_PROBLEM STATEMENT_
Only an exact copy of the entries, stripped of pictures, will serve as the answer.
### PROVIDED ENTRIES
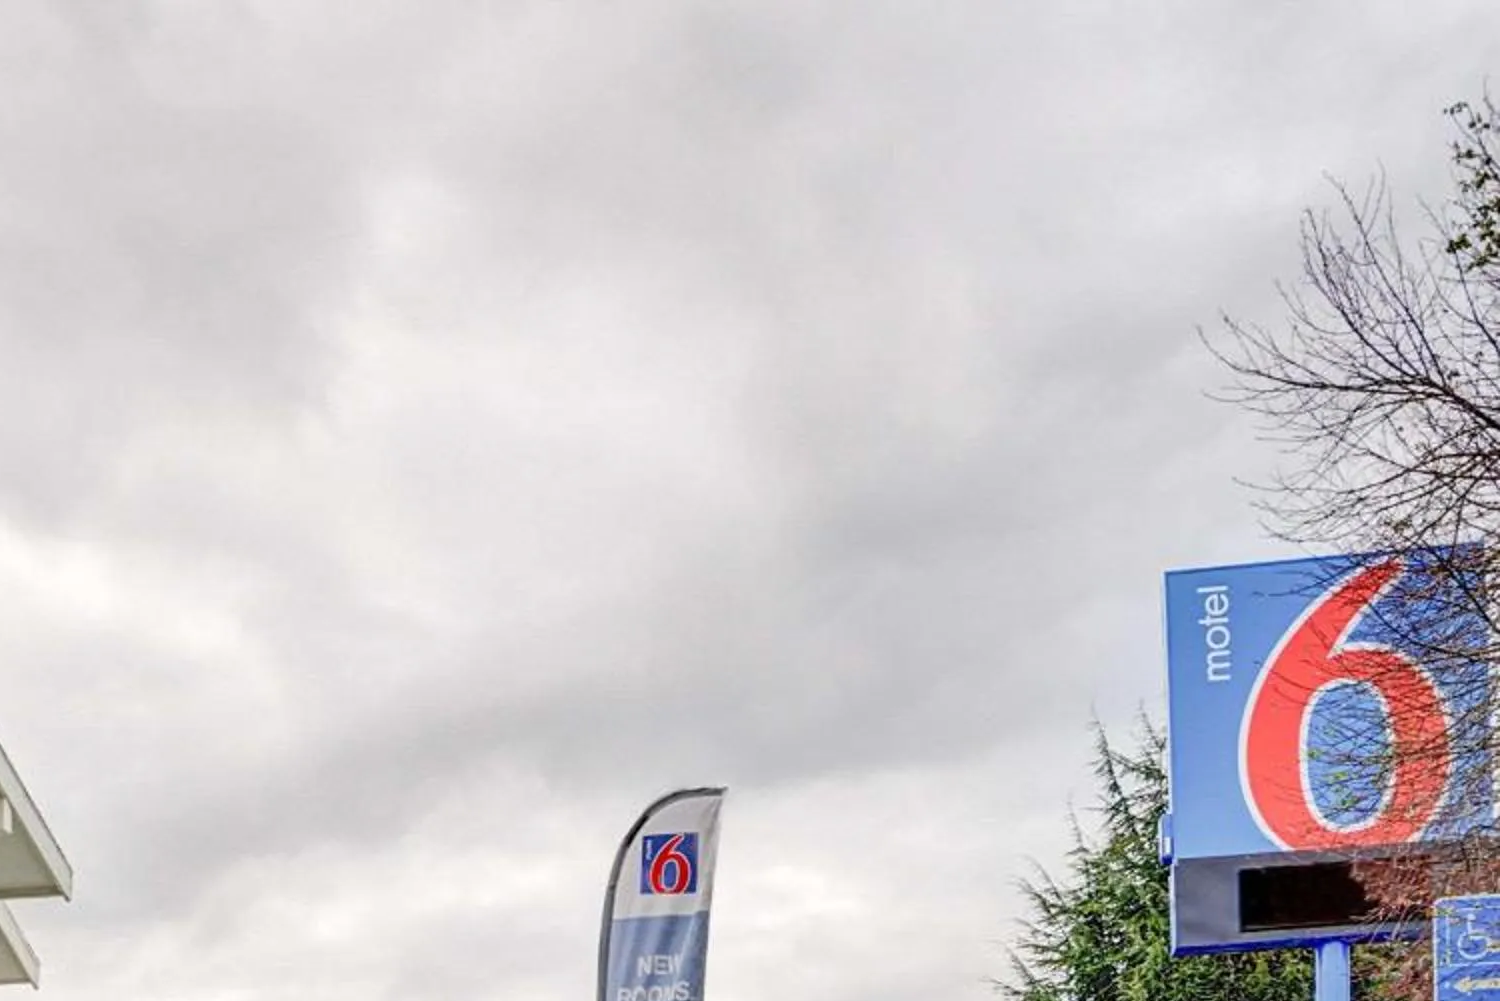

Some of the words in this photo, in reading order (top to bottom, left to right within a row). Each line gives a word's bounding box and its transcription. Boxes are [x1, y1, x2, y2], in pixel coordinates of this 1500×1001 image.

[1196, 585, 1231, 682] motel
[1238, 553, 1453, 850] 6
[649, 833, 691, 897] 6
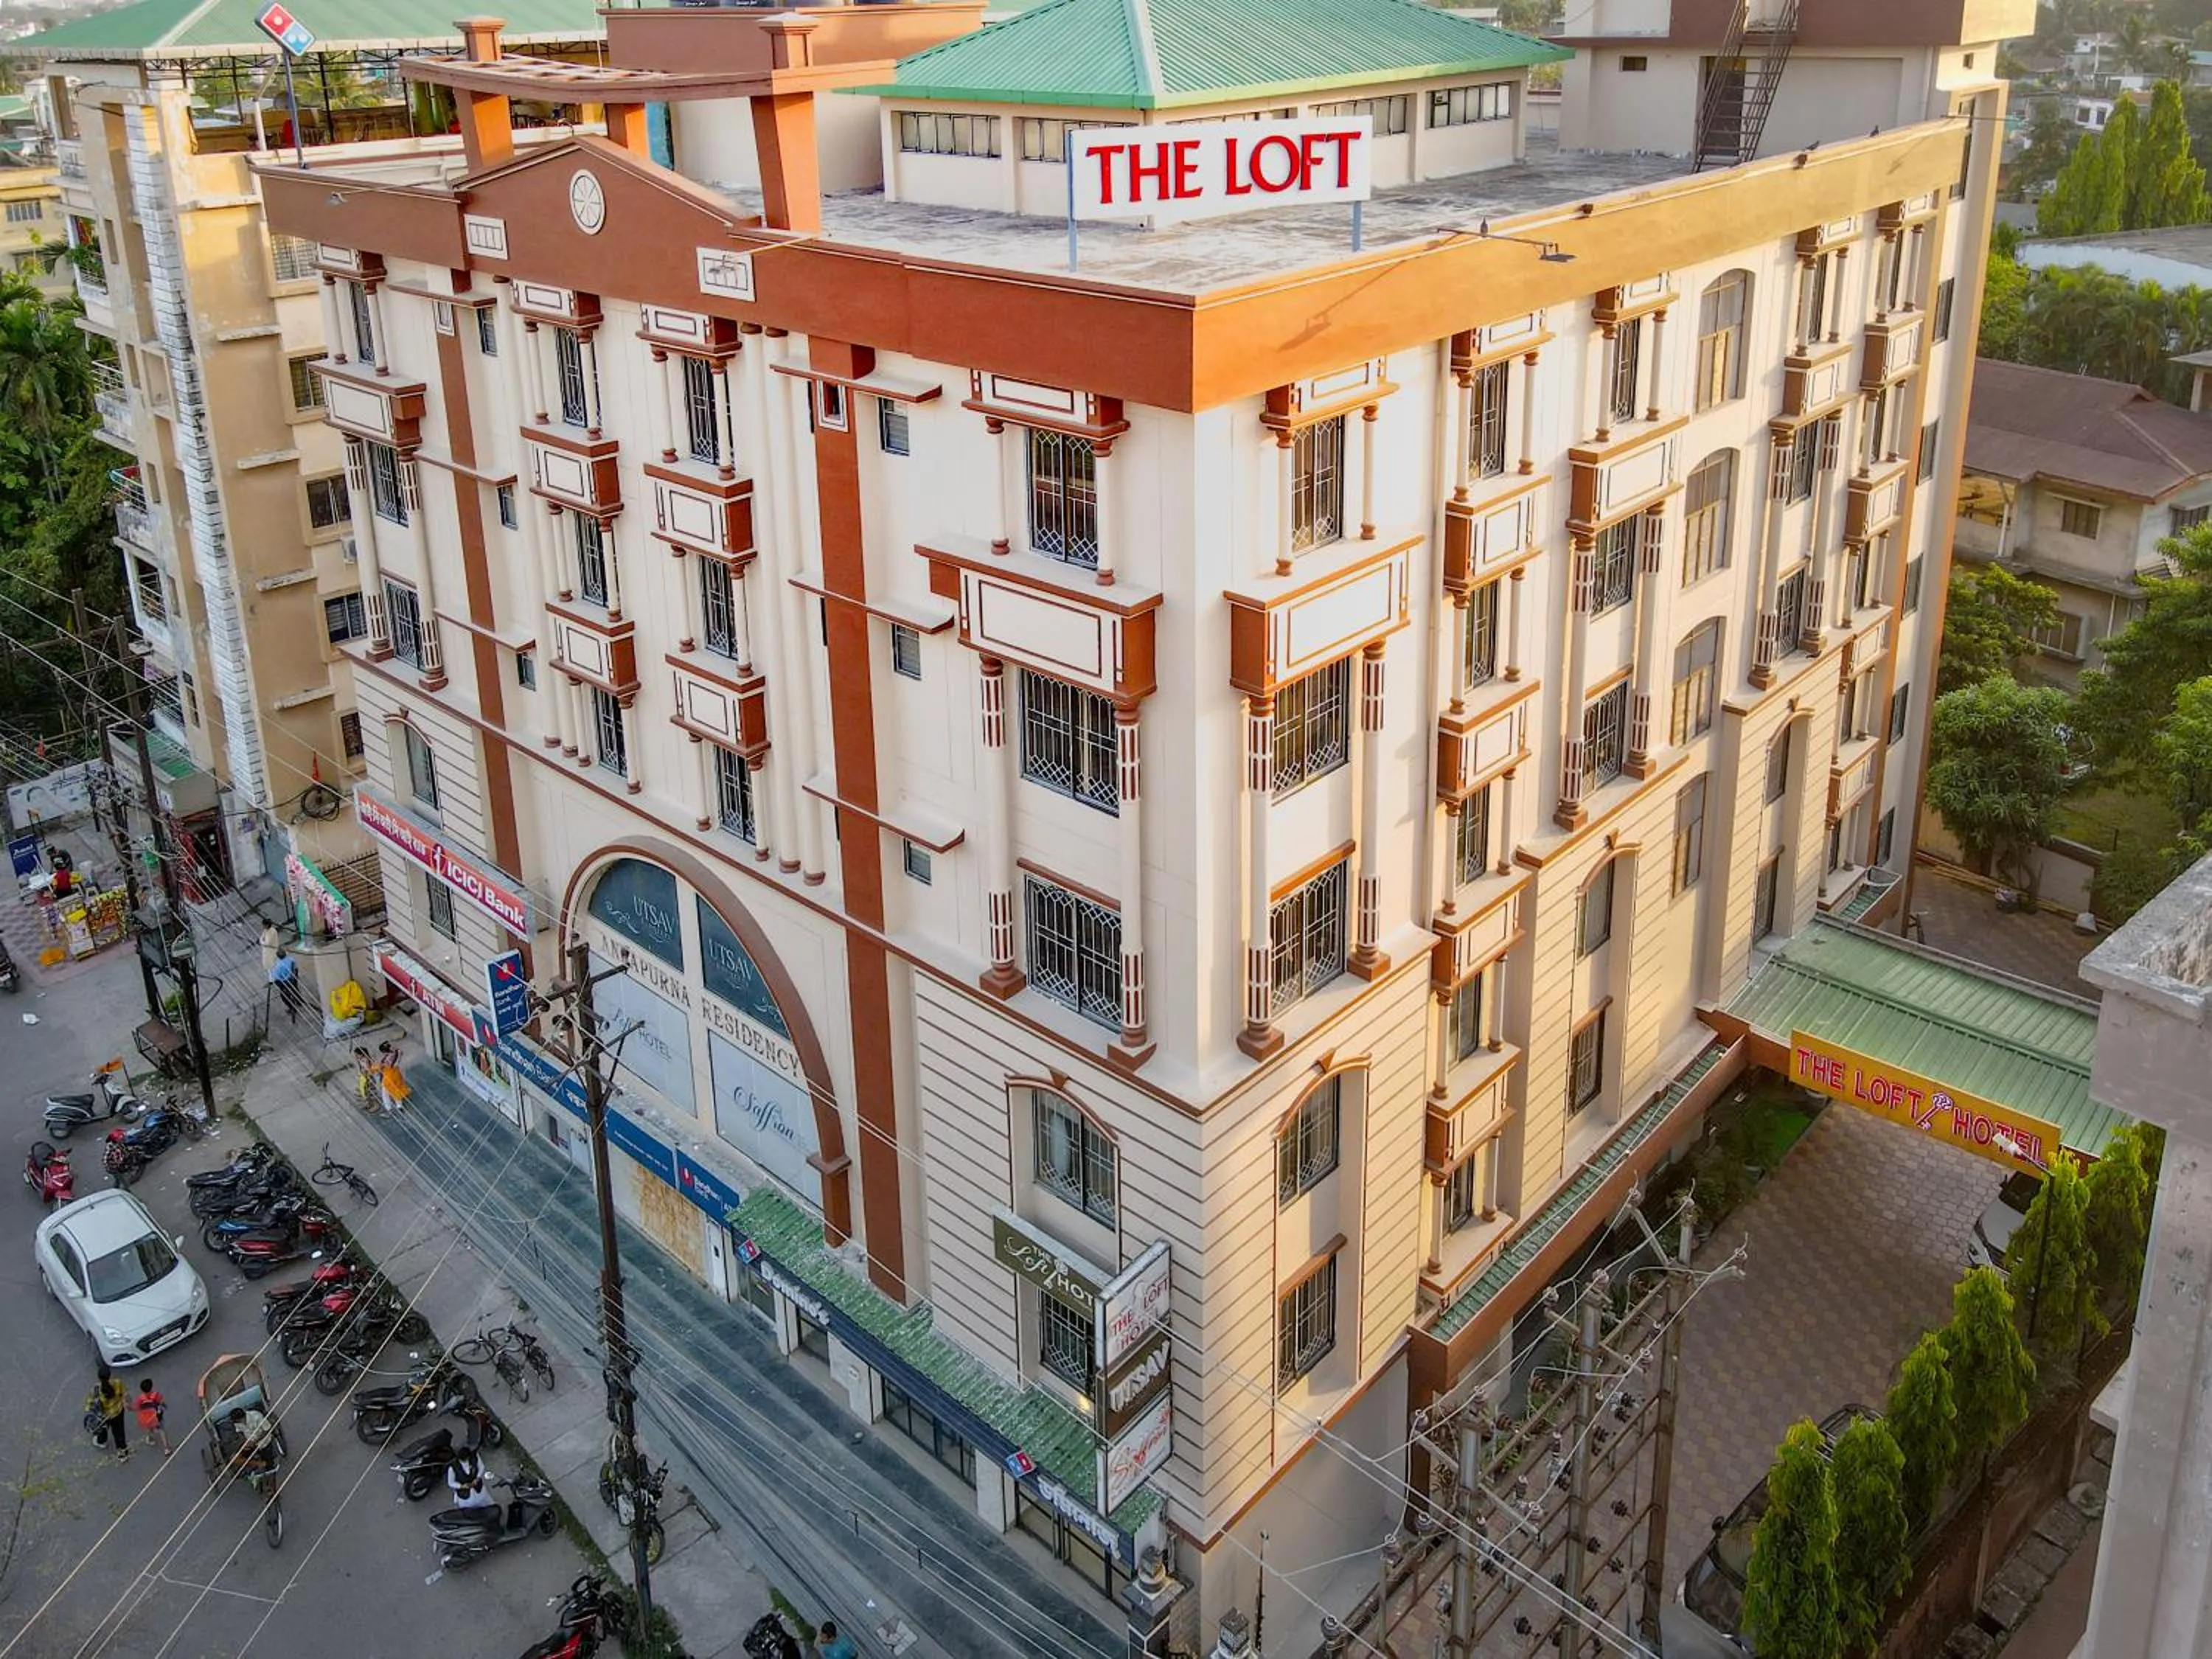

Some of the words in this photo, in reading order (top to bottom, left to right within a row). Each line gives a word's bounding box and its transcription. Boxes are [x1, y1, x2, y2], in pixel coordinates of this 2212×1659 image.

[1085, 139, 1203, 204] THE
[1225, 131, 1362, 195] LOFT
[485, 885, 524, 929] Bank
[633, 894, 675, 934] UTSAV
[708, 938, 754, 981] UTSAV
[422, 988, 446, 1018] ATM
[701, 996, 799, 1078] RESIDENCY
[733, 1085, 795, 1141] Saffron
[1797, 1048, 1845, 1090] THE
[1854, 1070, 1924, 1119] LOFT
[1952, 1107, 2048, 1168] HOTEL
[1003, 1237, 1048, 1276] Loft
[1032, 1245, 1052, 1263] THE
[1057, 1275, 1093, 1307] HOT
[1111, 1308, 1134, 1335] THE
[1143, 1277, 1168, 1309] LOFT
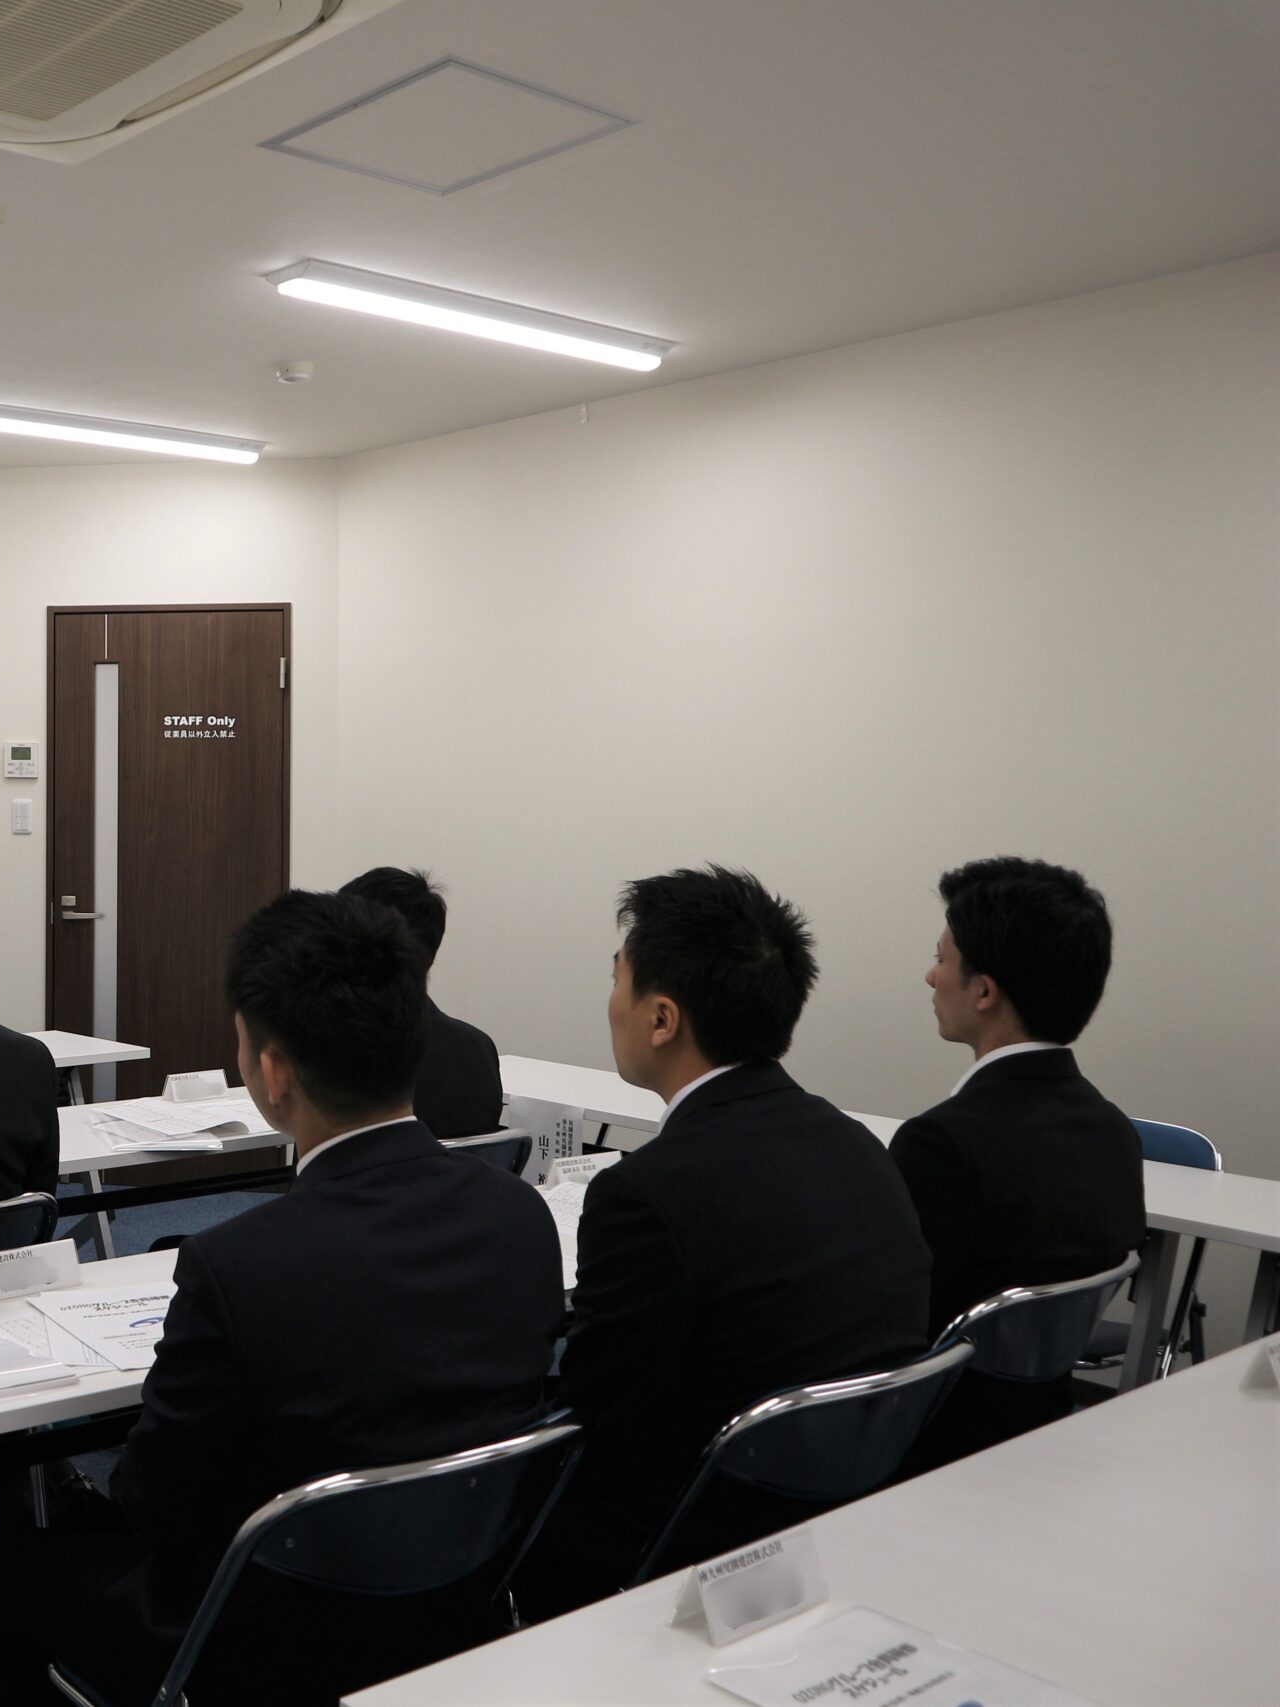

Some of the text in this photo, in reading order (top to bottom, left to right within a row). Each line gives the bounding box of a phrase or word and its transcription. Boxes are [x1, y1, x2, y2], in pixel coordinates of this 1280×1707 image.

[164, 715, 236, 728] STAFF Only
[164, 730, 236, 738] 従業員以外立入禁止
######
_PROBLEM SOLUTION_
Some of the words in this photo, in reading order (top to bottom, left to right within a row). Each line gives a word's bounding box and its transcription. Boxes are [x1, y1, x2, y2], in pixel coordinates of this 1500×1001 image.

[1196, 585, 1231, 682] motel
[1238, 553, 1453, 850] 6
[649, 833, 691, 897] 6

Some of the words in this photo, in reading order (top to bottom, left to right within a row). Each line gives a word's bounding box and its transcription. Boxes are [x1, y1, x2, y2], in pixel coordinates of this 2212×1659 image.

[1085, 139, 1203, 204] THE
[1225, 131, 1362, 195] LOFT
[485, 885, 524, 929] Bank
[633, 894, 675, 934] UTSAV
[708, 938, 754, 981] UTSAV
[422, 988, 446, 1018] ATM
[701, 996, 799, 1078] RESIDENCY
[733, 1085, 795, 1141] Saffron
[1797, 1048, 1845, 1090] THE
[1854, 1070, 1924, 1119] LOFT
[1952, 1107, 2048, 1168] HOTEL
[1003, 1237, 1048, 1276] Loft
[1032, 1245, 1052, 1263] THE
[1057, 1275, 1093, 1307] HOT
[1111, 1308, 1134, 1335] THE
[1143, 1277, 1168, 1309] LOFT

Some of the text in this photo, in reading order (top to bottom, left to right within a row). Each line gives the bounding box of a phrase or word and its transcription. Boxes are [x1, y1, x2, y2], in pixel coordinates of this 1280×1707 image.

[164, 715, 236, 728] STAFF Only
[164, 730, 236, 738] 従業員以外立入禁止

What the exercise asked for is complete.